Personal information
- Nickname: Slicky Ricky
- Nationality: American
- Born: Ricardo Williams Jr. June 25, 1981 (age 45) Cincinnati, Ohio
- Height: 5 ft 10 in (178 cm)
- Weight: Welterweight

Boxing career
- Stance: Orthodox

Boxing record
- Total fights: 26
- Wins: 22
- Win by KO: 12
- Losses: 3
- Draws: 0
- No contests: 1

Medal record
Amateur boxing
Representing United States
Olympic Games
| Silver medal – second place | 2000 Sydney | -63.5 kg |
Goodwill Games
| Gold medal – first place | 1998 New York | -63.5 kg |

= Ricardo Williams (boxer) =

American boxer

Ricardo Williams Jr. (born June 25, 1981) is an American professional boxer. Williams won a Light Welterweight Silver Medal at the 2000 Olympic Games, and turned pro in the following year and was immediately dubbed as a future star in the sport and the best fighter to come out of the 2000 games.

== Amateur career ==
Williams began boxing at the age of eight, taking after his father, a Vietnam War veteran who had over 80 amateur bouts of his own. He had a stellar amateur career. His highlights include:
- 1998 United States Amateur Light welterweight champion
- 1998 National Golden Gloves Light welterweight champion
- 1999 United States Amateur Light welterweight champion
- Represented the United States as a Light welterweight at the 2000 Sydney Olympic games, winning a silver medal. His results were:
  - Defeated Henry Collins (Australia) RSC 4
  - Defeated Ajose Olusegun (Nigeria) RSC 4
  - Defeated Aleksandr Leonov (Russia) 17-12
  - Defeated Diógenes Luña (Cuba) 42-41
  - Lost to Mohamad Abdulaev (Uzbekistan) 20-27

==Professional career==
Known as "Slicky Ricky", Williams was an extremely talented fighter with power in both fists, but quickly became known for his uninspired performances as a pro. Two years after turning pro, Williams tendency to undertrain hurt him severely, as he dropped a unanimous decision to unheralded Juan Valenzuela. The following year, fighting 11 pounds higher than when he had turned pro, Williams turned in yet another disappointing performance against journeyman Manning Galloway, and lost a split decision.

==Criminal conviction ==
Rather than going on to win the expected title belt, in 2005 Williams was sentenced to three years in prison for his part in a conspiracy to distribute cocaine shipped to Cincinnati via FedEx.

==Return to boxing==
After serving 31 months of his sentence, Williams was released from prison and resumed his boxing training.
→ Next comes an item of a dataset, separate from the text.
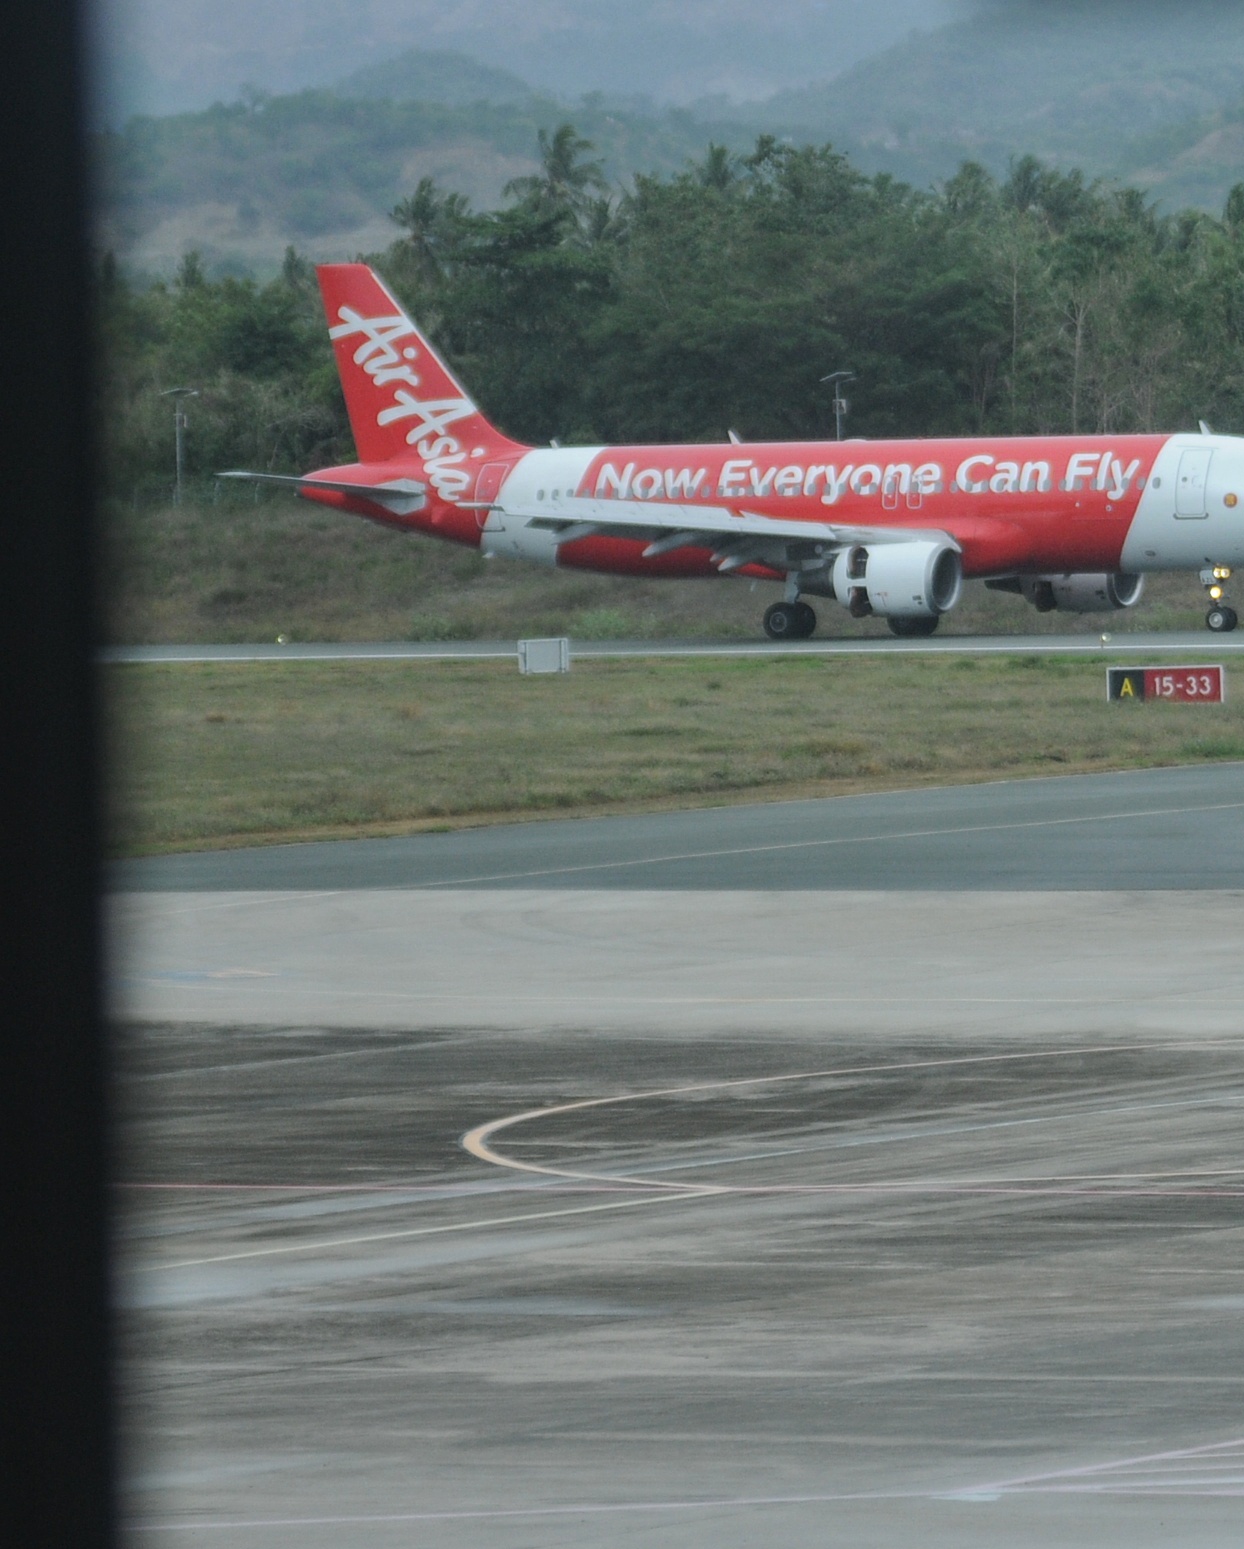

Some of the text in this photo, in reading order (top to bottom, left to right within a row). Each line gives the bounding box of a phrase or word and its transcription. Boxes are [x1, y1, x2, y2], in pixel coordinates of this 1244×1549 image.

[594, 451, 1140, 505] Now Everyone Can Fly
[1120, 675, 1211, 697] A 15-33
He won 9 in a row, beginning with a June 2008 stoppage of Sebastian Hamel in just 91 seconds of a welterweight bout, before Williams faced Carson Jones for the USBA welterweight title. Jones knocked Williams down once in the third round and twice in the fourth before the fight was waved off by referee Steve Smoger. Williams added two more wins to his record in 2012 and another in 2014 before retiring at 22–3.